Procreation, Pleasure, Pain, Passing away…  Sex and death are entirely connected, yet so divorced from each other in how we perceive them.  Or should I say, our Western society chooses not to connect them.  Ever.  Now that I think of it, “we” are uncomfortable speaking about both sex and death, even separately.  Sex ed, STDs, terminal illnesses, school shootings, the afterlife, bodies…  Uncomfortable creepy crawly conversations.  Taboos.  For such an “advanced” age, it’s no wonder there are so many problems.  Why have I chosen this as a topic for a blog post?  It’s one of those convergence of things that I came across in the last couple days, along with stuff I have thought about for ages.  Now… I wrote too long a blog post last week.  I’m prone to this.  So instead of writing voluminously, I’m just going to post links and photos and videos.  Let’s see if you all can connect the dots.  Or at least enjoy this seemingly meaningless set of things I’m presenting.  At least sex and death, as topics, can be pretty…interesting…on their own.  Enjoy your mortality, folks!

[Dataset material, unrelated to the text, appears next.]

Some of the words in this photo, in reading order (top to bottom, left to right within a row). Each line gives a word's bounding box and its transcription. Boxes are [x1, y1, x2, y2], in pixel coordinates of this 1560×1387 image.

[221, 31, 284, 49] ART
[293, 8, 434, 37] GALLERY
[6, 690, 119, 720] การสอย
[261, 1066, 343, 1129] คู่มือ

Your Friendly Neighborhood Mortician

Caitlin Doughty went to the University of Chicago right after I did, and through mutual theater acquaintances on facebook, I came across her website, The Order of the Good Death, and her incredibly funny and informative videos.  Her mission: to bring back mortality into daily life.

Fuck the Pain Away

Your friendly post-feminist ultra out-there rocker, Peaches,writes and plays the instruments and performs all her own work.  I think it’s brilliant.  Years ago I created a performance piece that some of you may have seen in Chicago entitled Inventing Eve.  We closed with “I’m the Kinda“.  Here’s her breakthrough song, “Fuck the Pain Away.”

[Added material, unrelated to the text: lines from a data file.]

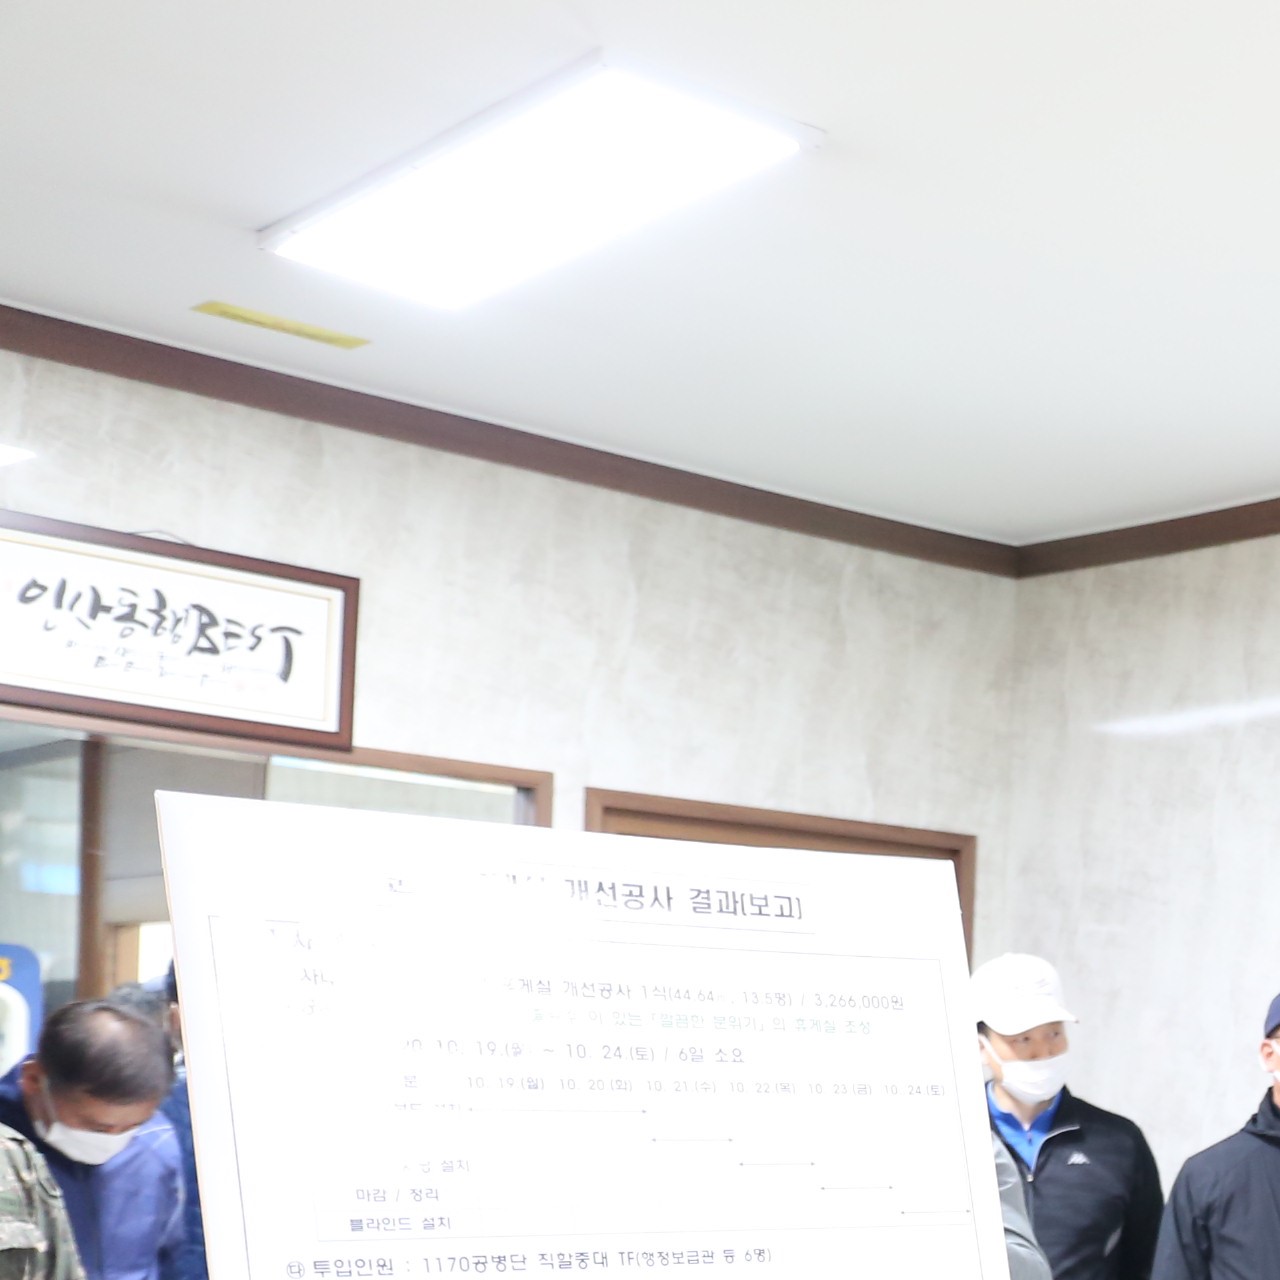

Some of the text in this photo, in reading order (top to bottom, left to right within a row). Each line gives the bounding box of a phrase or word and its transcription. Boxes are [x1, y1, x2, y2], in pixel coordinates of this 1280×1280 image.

[565, 879, 803, 920] 개선공사 결과(보고)
[563, 981, 631, 1000] 개선공사
[795, 1017, 837, 1034] 휴게실
[845, 1019, 871, 1035] 조성
[678, 1046, 705, 1063] 6일
[715, 1047, 744, 1063] 소요
[440, 1159, 471, 1173] 설치
[356, 1188, 387, 1202] 마감
[410, 1188, 439, 1202] 정리
[350, 1216, 451, 1232] 블라인드 설치
[313, 1258, 394, 1278] 투입인원
[423, 1254, 527, 1273] 1170공병단
[538, 1251, 608, 1270] 직할중대
[618, 1250, 715, 1268] TF(행정보급관
[722, 1249, 736, 1264] 등
[744, 1248, 772, 1263] 6명)

Alien Diseases in Deep Space 

In the season 5 Star Trek Voyager episode “Disease,” love is likened to a disease. Young Ensign Harry Kim has sex with a gorgeous alien and develops a biochemical bond.  His skins starts to glow and everything, and leaving the alien causes him to suffer lots and lots of aches and pains, and could be potentially fatal to him.  Here’s the “dramatic” trailer.  Oooh, steamy!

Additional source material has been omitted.